Organocatalysts are powerful auxiliaries used in the design of novel artificial enzymes.^1–3 Various engineering approaches have been applied to facilitate organocatalysis within a protein scaffold including side-chain labeling,^4–8 genetic code expansion,^2,9–14 use of N-terminal prolines,^3,15,16 computational design^17–20 and the protein–ligand approach.^1,21–24 To screen a large number of catalysts within a short timeframe, the protein–ligand approach is most frequently used.^1,21–24 In this approach, ligands are covalently linked with chemical catalysts and then introduced to their binding proteins for activity test.^25–31 One important consideration is to choose an appropriate protein partner because there are multiple homologues that bind the same ligand with high affinity, but their effect on chemical catalysis can be vastly different.^32–38 Accordingly, detailed mechanistic studies must be conducted during the design of artificial enzymes.

The importance of choosing an appropriate host has been demonstrated in the use of biotin-binding proteins for artificial enzyme design. Tetrameric streptavidin (T-Sav) has been popularly used, engineered and evolved for hosting reactions that are mediated by biotin-appended chemical catalysts.^{25–29,32,33,39–43} In each T-Sav, there are four biotin-binding sites whose arrangement locates the catalyzed reactions at the interface of two subunits which has a C₂ symmetry (Fig. 1A).^{21,23,36,40,42,44–47} Consequently, changing both the surrounding residues and the degree of binding site occupancy can affect the reaction reactivity and stereoselectivity.^36,48,49 Furthermore, a switch in the biotin-binding scaffold has also shown to drastically affect the performance of the catalysis.^36,37 In one scenario, the Ir-catalyzed hydrogen transfer reaction improved significantly when the monomeric subunits of T-Sav were dimerized and transformed into an asymmetrical scaffold (D-Sav) that hosts chemical catalysis without interference caused by (non-)cooperative binding.³⁶ In the other scenario, the Rh(III)-catalyzed lactam formation is enhanced only when T-Sav is replaced by an engineered monomeric counterpart M-Sav; this phenomenon was attributed to enhanced solvent exposure of the bulky catalyst (Fig. 1A).³⁷ These studies indicated that a change of the protein host could greatly affect the outcome of the chemical transformations mediated by metal catalysts, but equivalent studies on protein-hosted organocatalysis have not been conducted.

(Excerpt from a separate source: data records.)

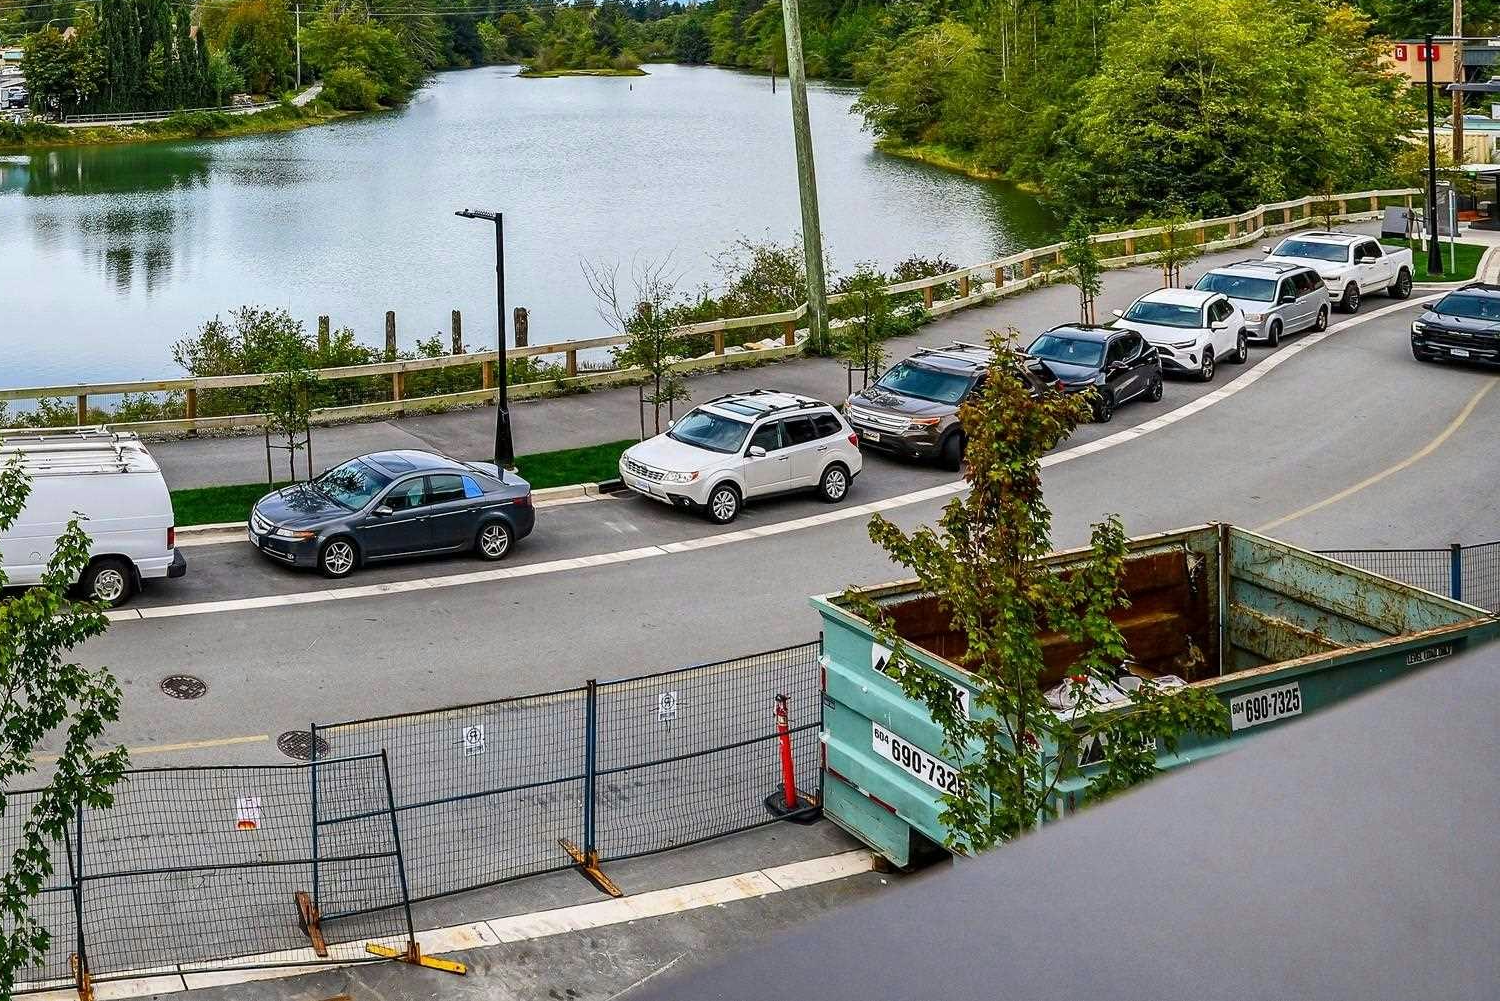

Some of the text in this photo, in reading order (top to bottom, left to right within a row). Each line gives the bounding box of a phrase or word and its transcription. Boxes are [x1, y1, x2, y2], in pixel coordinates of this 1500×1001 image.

[1232, 687, 1300, 722] 604 690-7325
[874, 728, 889, 745] 604
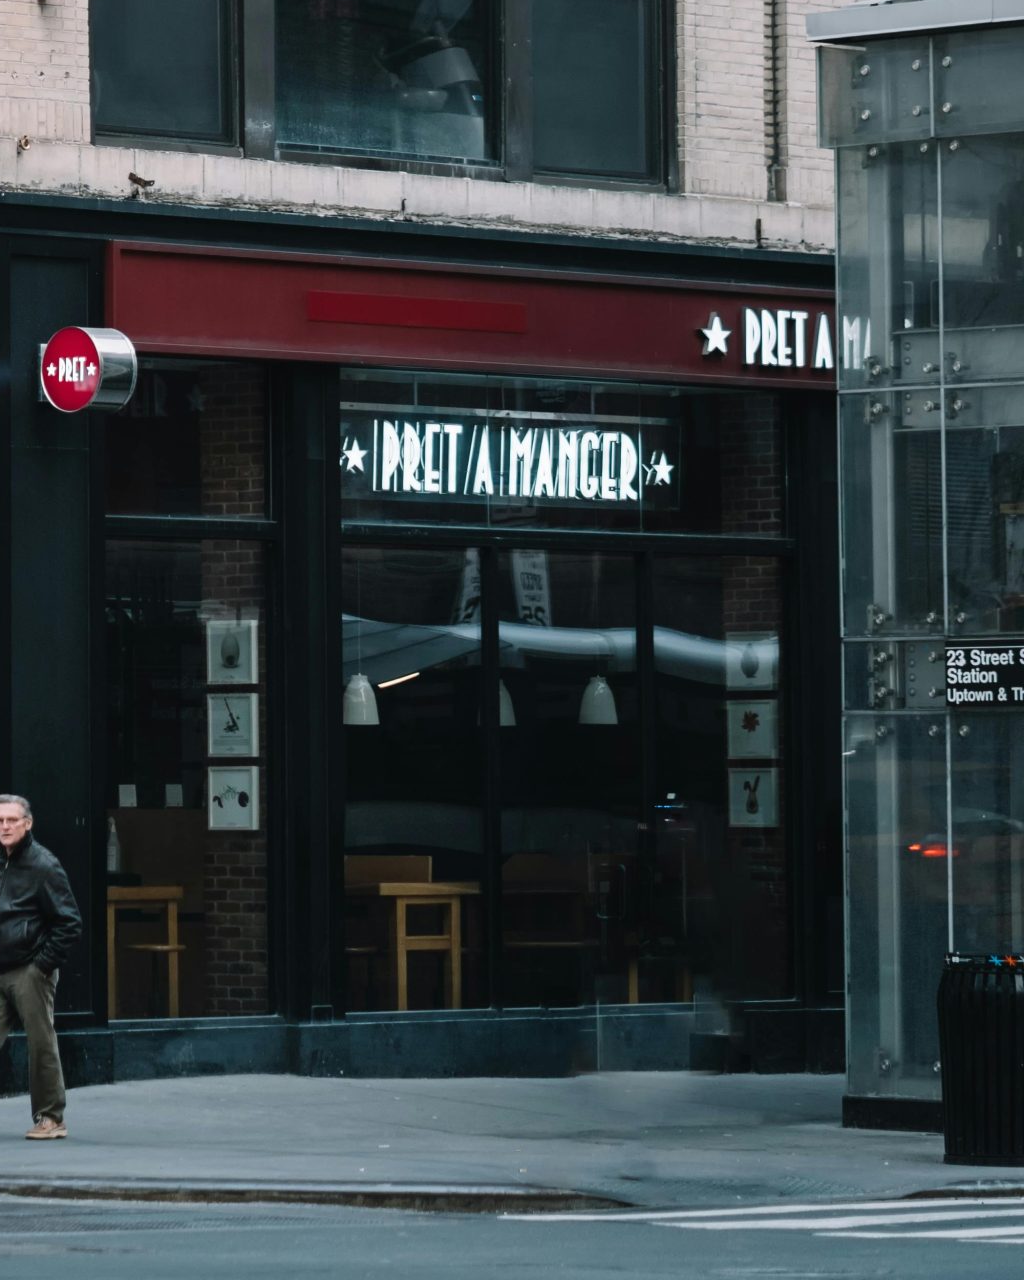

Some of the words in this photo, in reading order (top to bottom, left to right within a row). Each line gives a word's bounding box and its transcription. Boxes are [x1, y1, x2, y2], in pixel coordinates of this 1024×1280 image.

[744, 307, 809, 368] PRET
[814, 313, 834, 369] A
[58, 356, 87, 383] PRET
[382, 420, 464, 494] PRET
[473, 424, 494, 495] A
[509, 425, 639, 500] MANGER
[946, 649, 966, 667] 23
[970, 649, 1015, 666] Street
[947, 667, 998, 685] Station
[947, 687, 994, 705] Uptown
[997, 686, 1008, 702] &

Fig. 1 (A) Left: Cartoon of tetrameric streptavidin (T-Sav) containing ligand 1 (PDB: 6GH7); the monomer unit is shown in pink. Right: Close up of the C₂-symmetric interunit interface with Ser112, Lys121, and Leu124 highlighted; two monomer units in the background are omitted for clarity. (B) Model reaction catalyzed by biotinylated catalysts 1 and 2 within the tetrameric streptavidin (T-Sav), showing the desired 1,4-addition product and 1,2-addition side-product. (C) Mechanistic scheme leading to the desired 1,4-addition and 1,2-addition side-product.

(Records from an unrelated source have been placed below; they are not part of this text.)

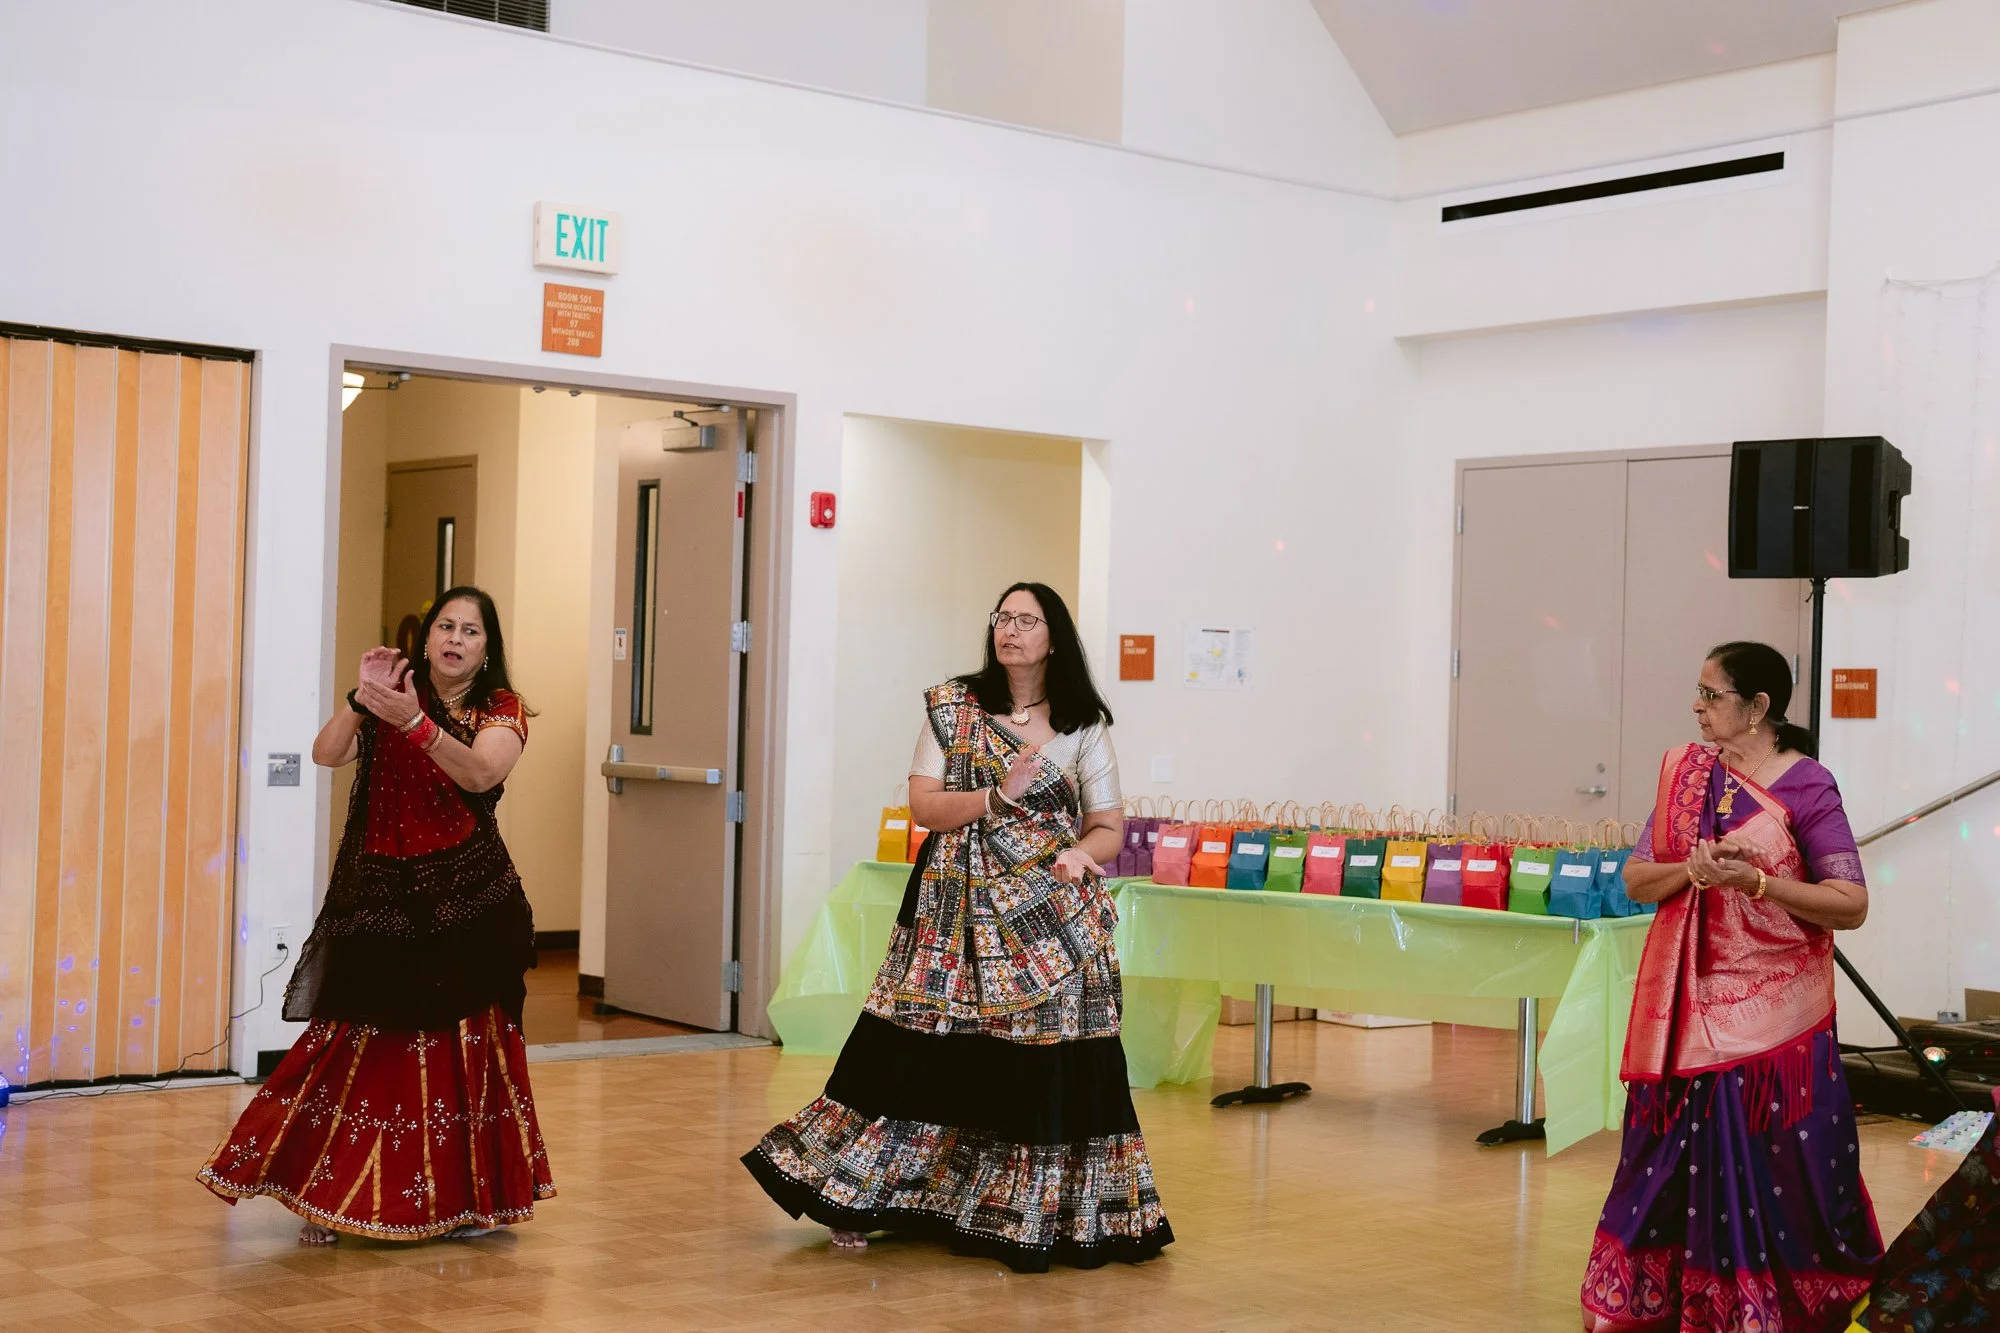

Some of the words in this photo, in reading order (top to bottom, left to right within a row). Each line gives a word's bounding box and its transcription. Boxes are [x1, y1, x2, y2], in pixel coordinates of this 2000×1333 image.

[556, 213, 608, 262] EXIT
[558, 291, 578, 302] ROOM
[579, 294, 592, 304] 501
[546, 300, 572, 309] MAXIMUM
[573, 304, 602, 313] OCCUPANCY
[569, 319, 579, 328] 97
[551, 328, 575, 336] WITHOUT

We have recently reported an organocatalytic 1,4 conjugate addition of nitromethane to cinnamaldehydes within a protein environment through adaptation of the streptavidin–biotin technology (Fig. 1B & C).²¹ In this system, biotin was covalently modified with pyrrolidine groups, resulting in ligands 1 and 2 which differ by one stereocenter (Fig. 1B). The protein T-Sav could not mediate the model reaction and catalysis by the ligands themselves was not stereoselective (Table 1, entries 10 and 11), yet the T-Sav : 1 complex favors the formation of the S enantiomer (91 : 9), whereas the T-Sav : 2 complex favors the formation of the R counterpart (24 : 76).²¹ Moreover, this protein-hosted system accepts various types of substrates for iminium^21,50 or enamine catalysis.⁵¹ Whilst promising, the role of the T-Sav residues in proximity to the pyrrolidine has not been investigated. Importantly, whether T-Sav is the most suitable host for iminium organocatalysis has not been verified, yet such information is fundamental to the creation of a high-performance artificial enzyme.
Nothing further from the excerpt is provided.